[Opening Task input section]
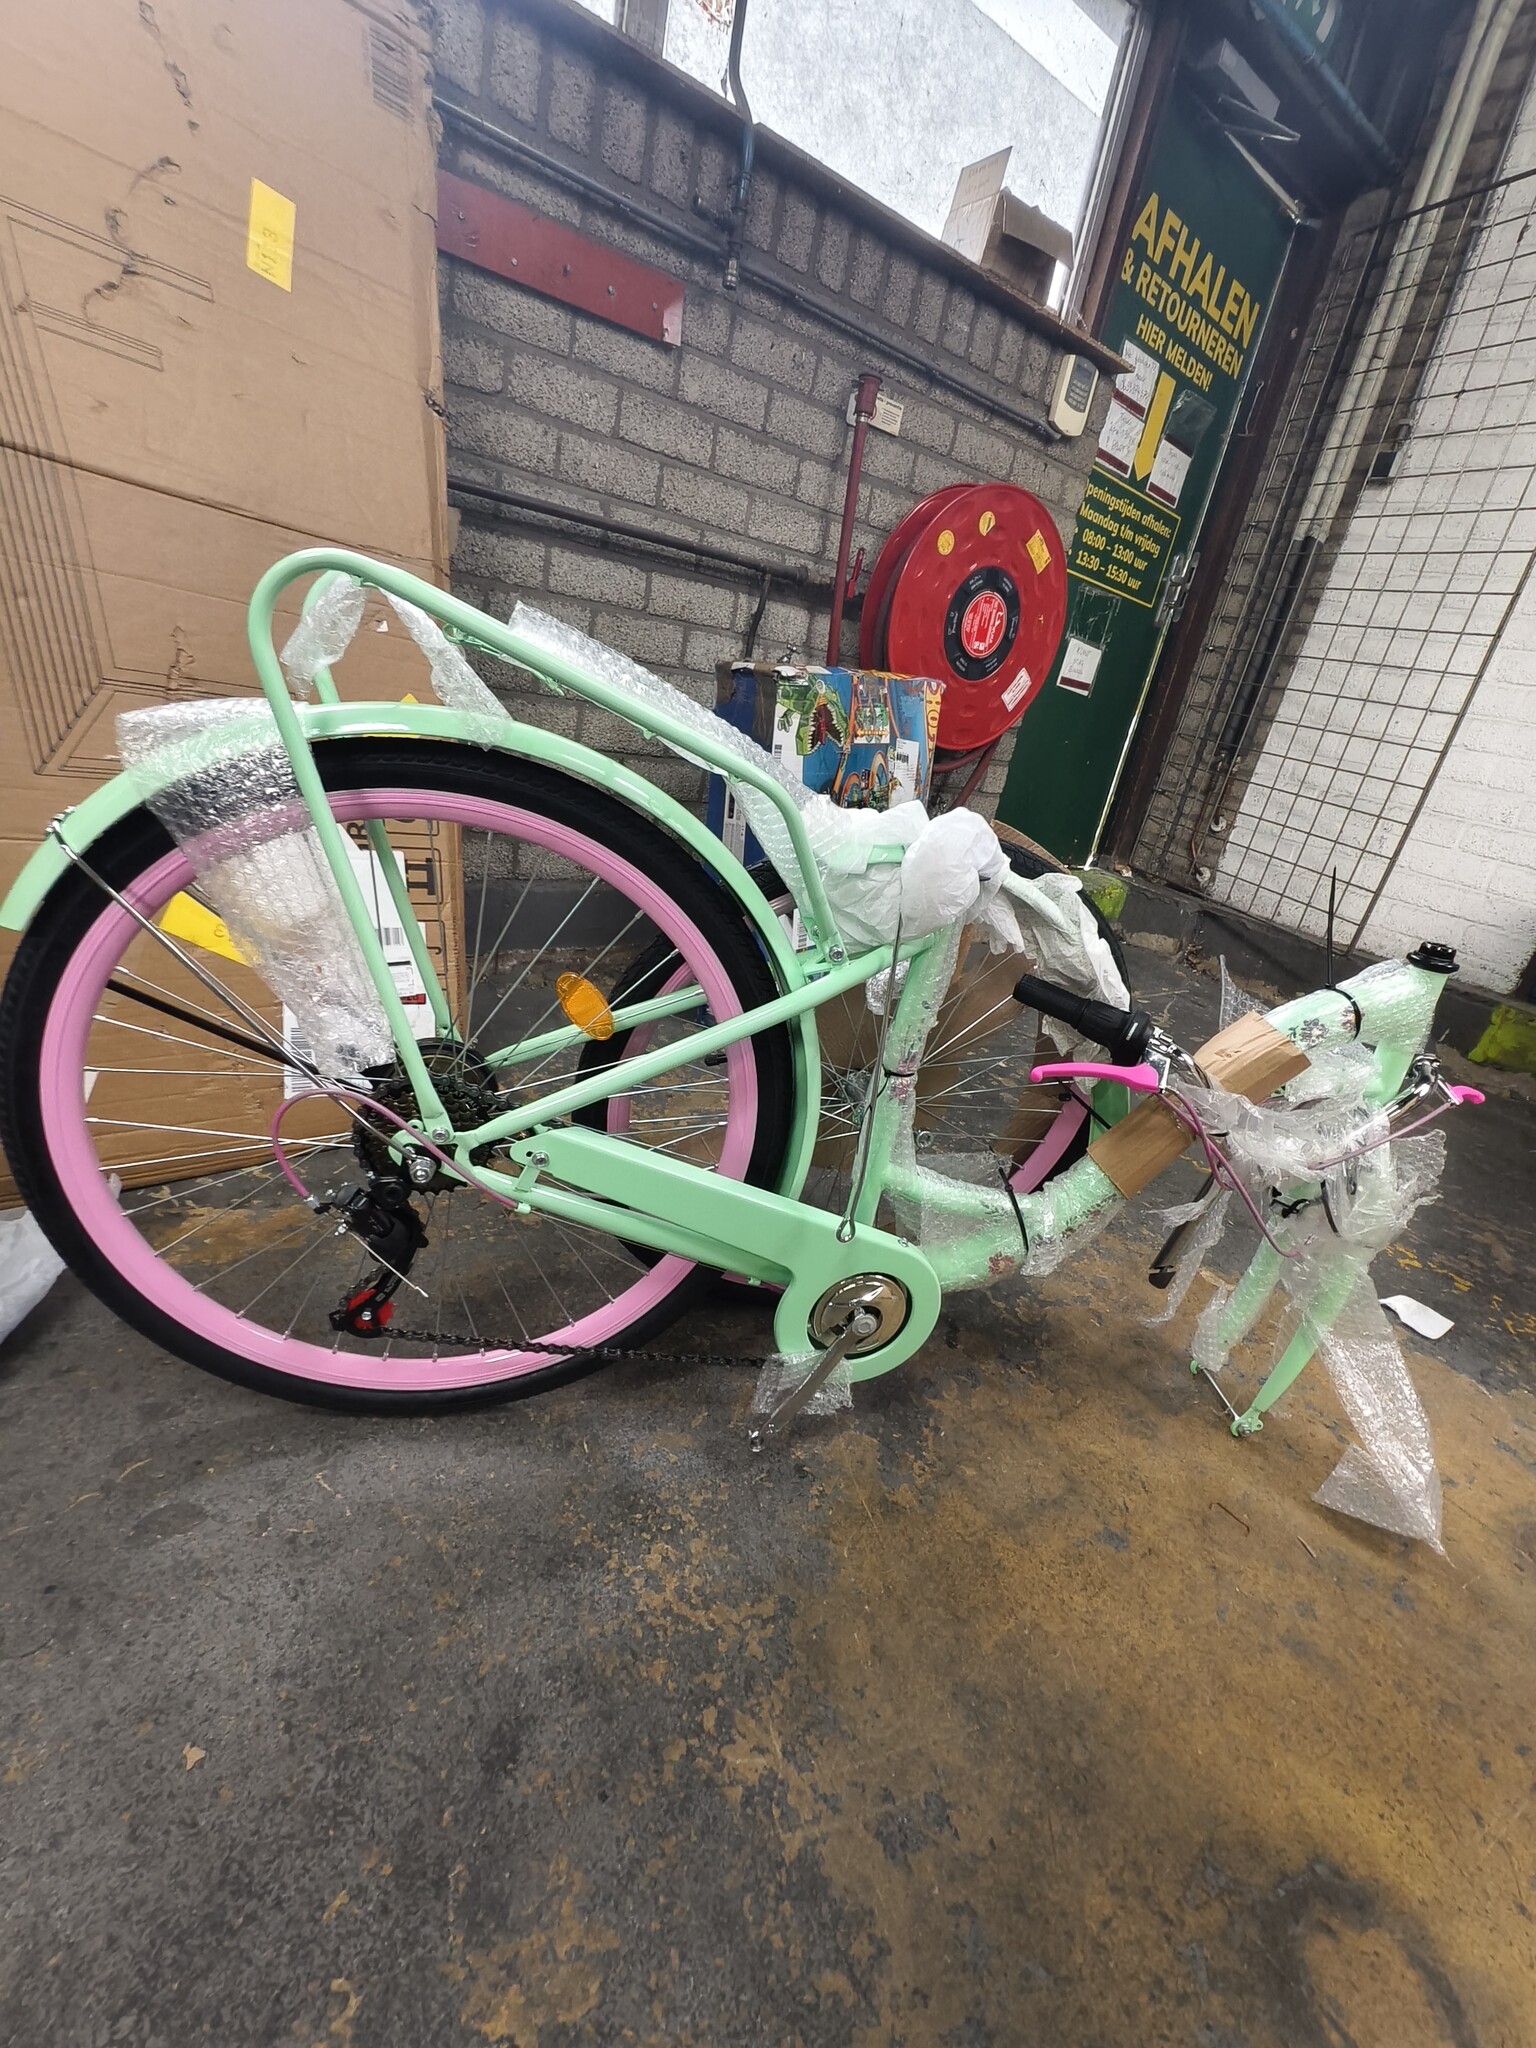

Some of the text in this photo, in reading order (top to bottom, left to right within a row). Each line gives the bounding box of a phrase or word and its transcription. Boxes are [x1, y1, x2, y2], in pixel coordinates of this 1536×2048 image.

[1131, 191, 1261, 350] AFHALEN
[1120, 247, 1244, 380] & RETOURNEREN
[1135, 313, 1167, 354] HIER
[1164, 338, 1214, 393] MELDEN!
[1079, 501, 1161, 559] Maandag t/m vrijdag
[1084, 479, 1172, 539] peningstijden afhalen:
[1075, 550, 1100, 572] 13:30
[1105, 563, 1129, 585] 15:30
[1127, 576, 1143, 591] uur
[1082, 528, 1107, 551] 08:00
[1111, 543, 1135, 565] 13:00
[1133, 556, 1149, 572] uur
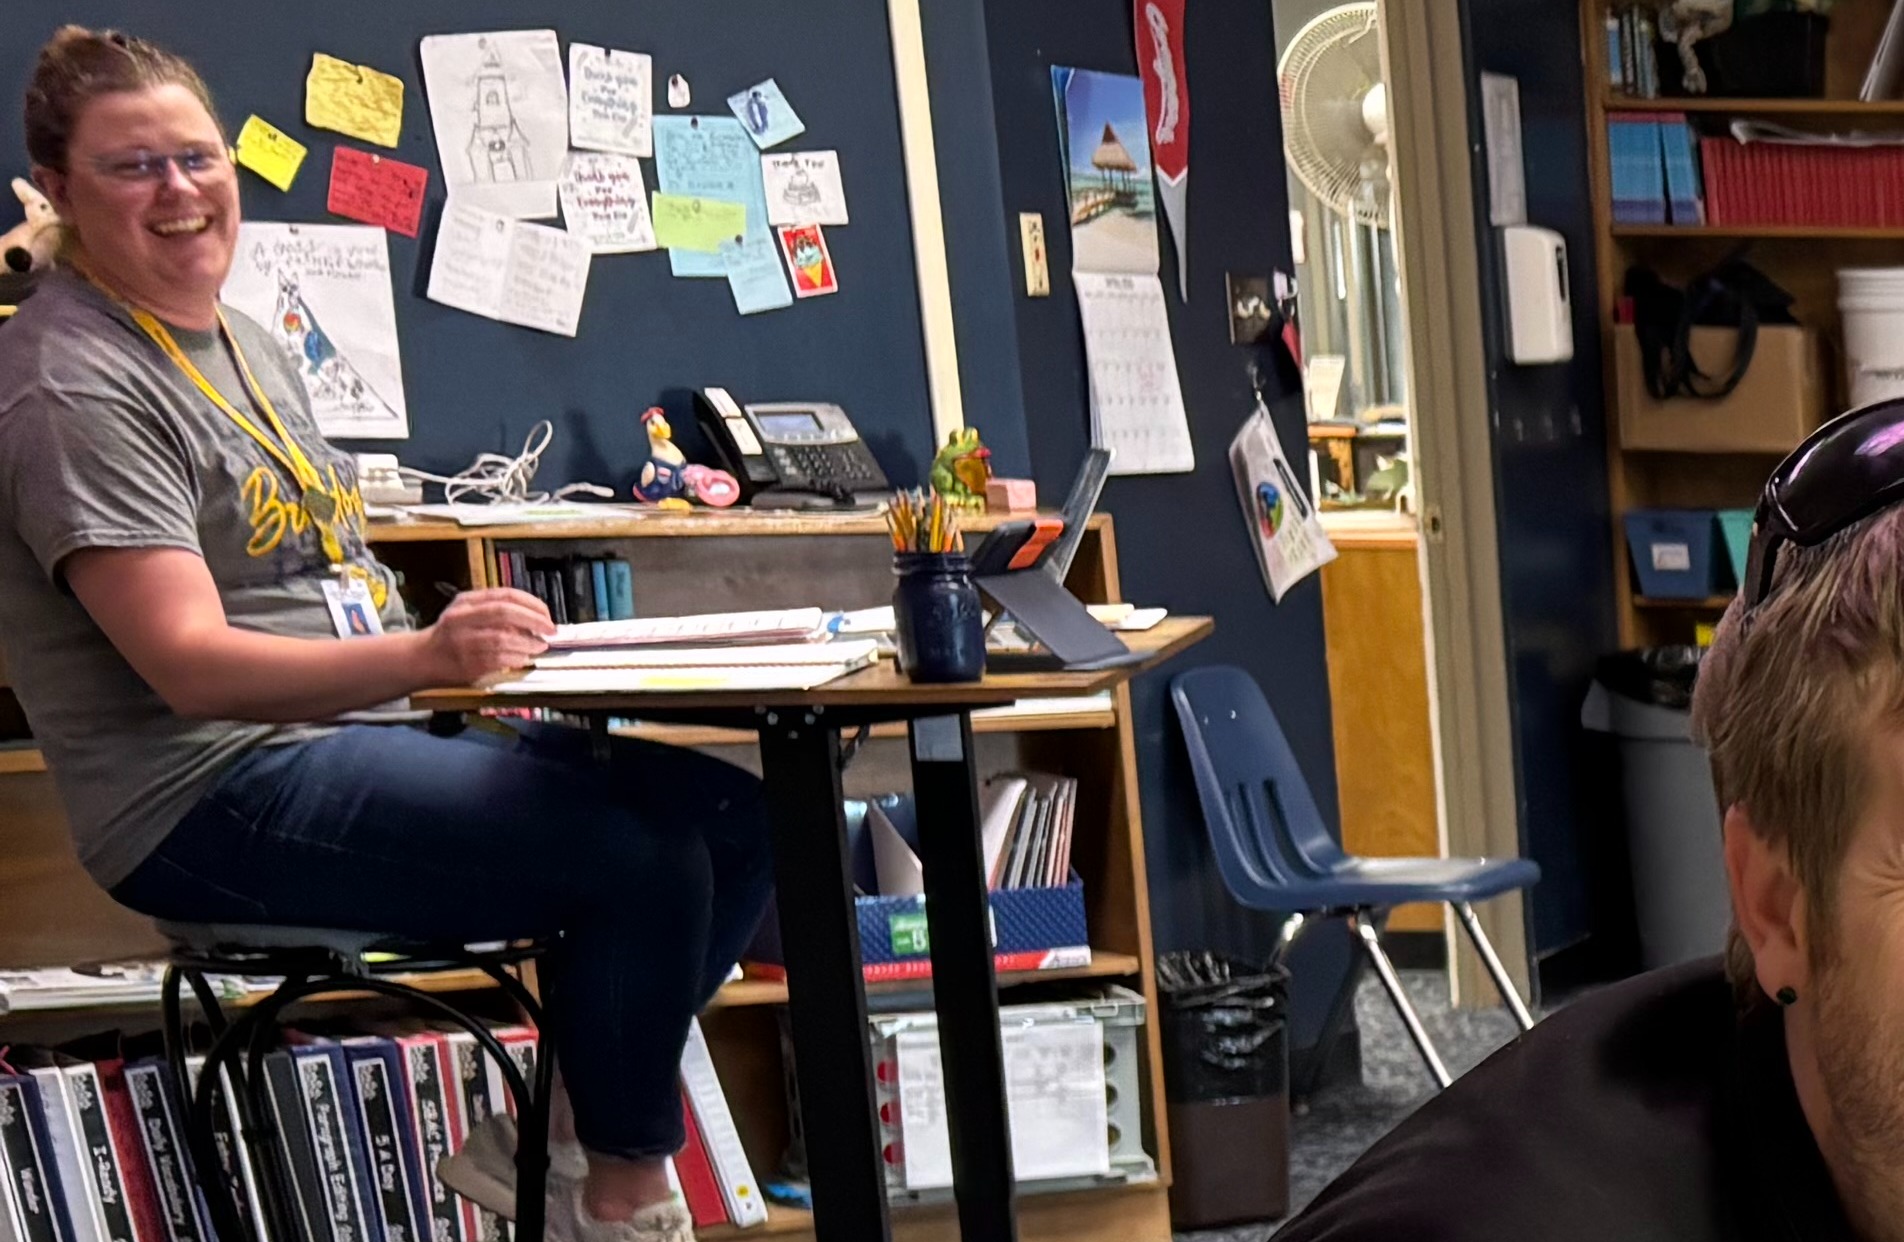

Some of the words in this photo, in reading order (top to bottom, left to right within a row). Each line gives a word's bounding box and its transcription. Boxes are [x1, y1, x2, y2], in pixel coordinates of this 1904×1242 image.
[Closing Task input section]
§ **Task item**
A verbatim transcript of the entries above is required, with the pictures left out.

§ **Exercise result**
Some of the text in this photo, in reading order (top to bottom, left to right within a row). Each line gives the bounding box of a phrase or word and its transcription. Boxes are [x1, y1, x2, y2], in pixel coordinates of this 1536×2048 image.

[1131, 191, 1261, 350] AFHALEN
[1120, 247, 1244, 380] & RETOURNEREN
[1135, 313, 1167, 354] HIER
[1164, 338, 1214, 393] MELDEN!
[1079, 501, 1161, 559] Maandag t/m vrijdag
[1084, 479, 1172, 539] peningstijden afhalen:
[1075, 550, 1100, 572] 13:30
[1105, 563, 1129, 585] 15:30
[1127, 576, 1143, 591] uur
[1082, 528, 1107, 551] 08:00
[1111, 543, 1135, 565] 13:00
[1133, 556, 1149, 572] uur

Some of the words in this photo, in reading order (top to bottom, left to right within a row). Each line gives a word's bounding box and its transcription. Boxes are [x1, y1, x2, y2], in pixel coordinates of this 1904×1242 image.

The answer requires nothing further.